CBRE has launched a specialized team to help property owners reposition traditional malls by harnessing the company’s proprietary local intelligence tech.
The team will be led by Mark Hunter, a managing director of CBRE’s Mall and Large Format practice area, together with Todd Caruso, senior managing director of Retail Investor Services. Hunter and Caruso each bring more than 30 years of experience to their roles: Hunter has spent his career working alongside some of the CRE industry’s largest mall investors on leasing, asset management and development projects, while Caruso oversees the company’s property management and investor leasing business in the Americas.
The new group will use the firm’s local intelligence technology to assess demand for complementary uses or product types, including a property’s surrounding demographics, retail spending information, logistics value, segmentation, employment data, customer traffic patterns, and competitive landscapes, the firm said in a statement. “This data can help owners develop innovative strategies to support complementary uses to retail and create live, work and play environments,” Hunter said. “Using a data-based approach, mall owners are successfully repositioning properties for a wide range of uses including multifamily, hotel, office, healthcare, logistics or life sciences. There’s never been a time where there was more opportunity for mall owners to get creative in order to maximize value.”
CBRE plans to use the data captured to initiate new leasing, redevelopment, financing, sales and securing public incentives.
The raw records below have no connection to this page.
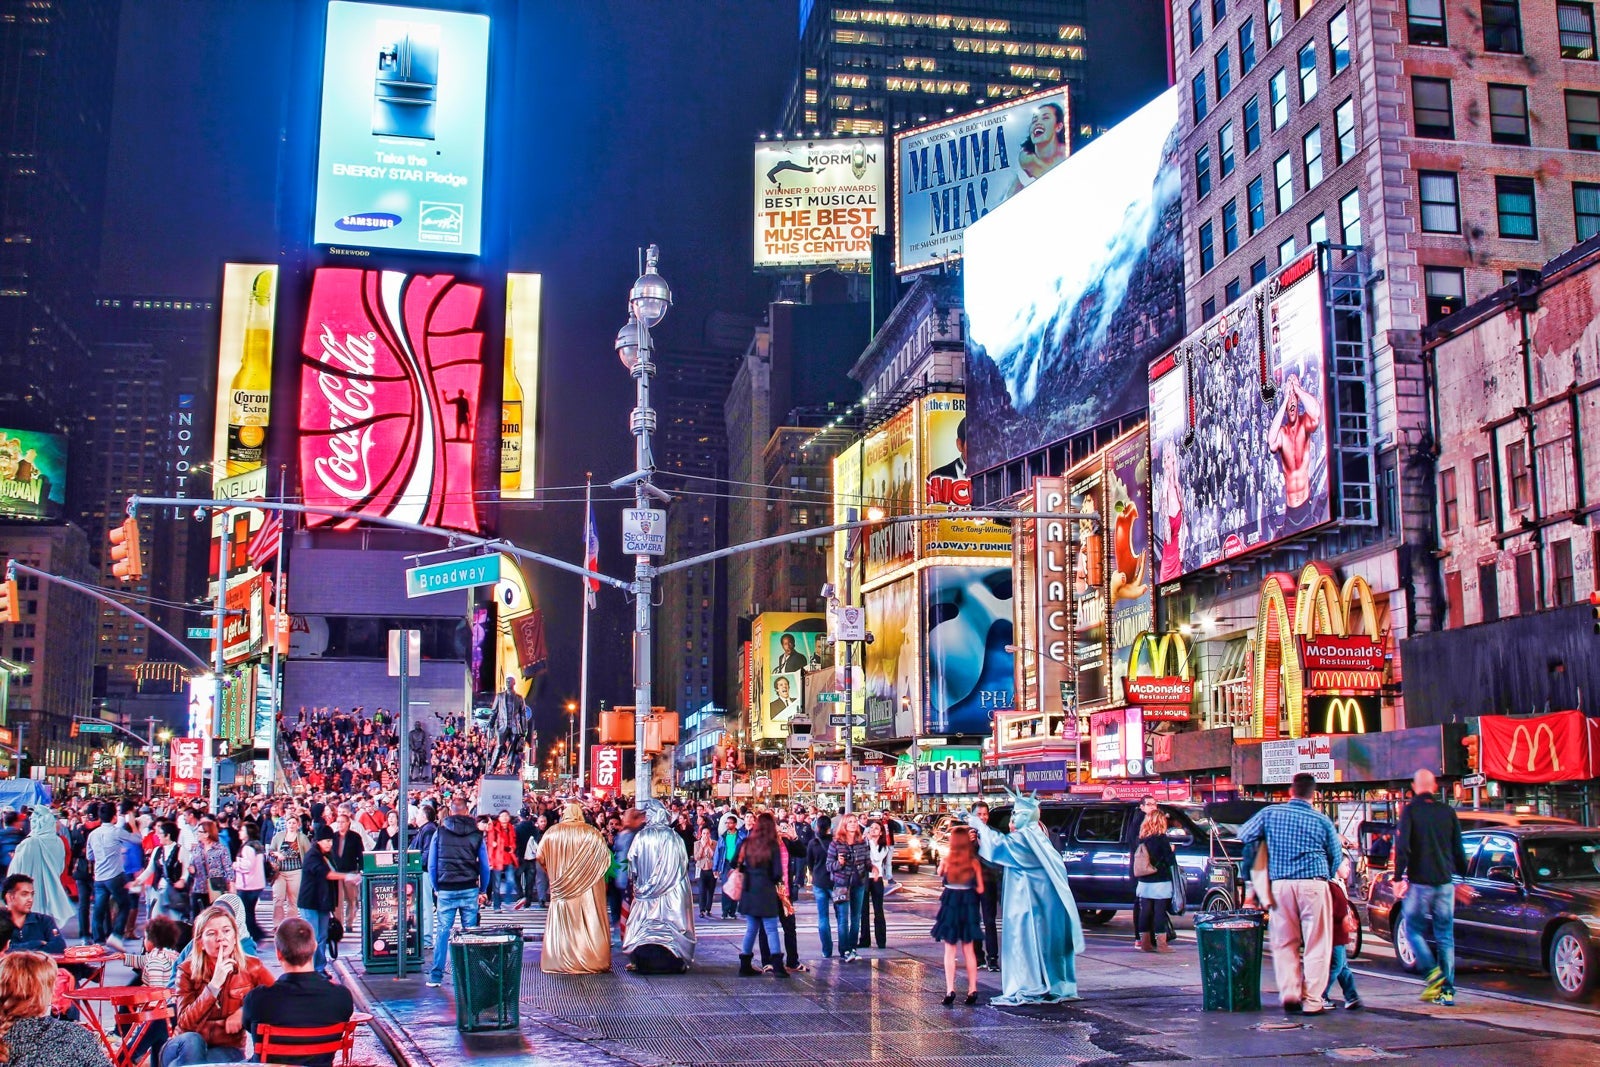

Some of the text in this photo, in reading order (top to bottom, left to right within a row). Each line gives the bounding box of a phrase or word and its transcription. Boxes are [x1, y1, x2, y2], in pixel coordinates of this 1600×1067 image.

[376, 151, 427, 167] Take the
[907, 125, 1010, 194] MAMMA
[332, 163, 468, 187] ENERGY STAR Pledge
[765, 187, 802, 196] WINNER
[765, 195, 876, 209] BEST MUSICAL
[930, 177, 989, 236] MIA!
[343, 216, 394, 228] SAMSUNG
[817, 208, 876, 226] BEST
[765, 227, 847, 243] MUSICAL
[765, 242, 799, 255] THIS
[910, 243, 920, 251] THE
[920, 239, 939, 250] SMASH
[939, 236, 949, 245] HIT
[243, 404, 267, 413] Extra
[314, 322, 375, 500] Coca-Cola
[952, 399, 966, 411] BR
[174, 413, 193, 520] NOVOTEL
[631, 512, 660, 521] NYPD
[624, 532, 664, 542] SECURITY
[965, 526, 1012, 535] Tony-Winning
[627, 541, 662, 551] CAMERA
[420, 564, 486, 589] Broadway
[1048, 492, 1065, 661] PALACE
[1306, 645, 1382, 658] McDonald's
[1319, 657, 1370, 667] Restaurant
[1129, 684, 1191, 695] McDonald's
[179, 741, 199, 779] tkts
[598, 749, 617, 785] tkts
[1026, 770, 1064, 782] MONEY EXCHANGE
The new team will also work with CBRE partner Streetsense, a strategy and design firm that repositions and transforms real estate properties.
“Change has been taking place for some time in the retail world,” Caruso said. “The question we are asking: What is the highest and best use for the property/? It will be a different answer for each property, but for any mall with strong underlying real estate, we believe there is a solution to maximize its value. It may not always be solely retail.”
As the US economy begins to recover from the pandemic, retail developers have increasingly focused on repurposing struggling malls to better align with changed consumer shopping patterns. Brixton Capital recently purchased several malls in quaternary markets throughout the country and is in the process of hiring a vice president of development to lead the repositioning of these retail properties.
“As tenants continue to re-evaluate their space needs due to omni-channeling or moving away from certain markets, retail owners may have fewer options for the same boxes,” Brixton Capital president Mark Selman told GlobeSt.com in an earlier interview. “Developers need to hire executives who understand the opportunities and limitations for re-use of retail space including local regulations, lease requirements and restraints, and the costs involved, and can speak to tenants in a way that keeps all of the stakeholders happy. They need to have a comprehensive understanding of what can be done in the space and how to accomplish it.”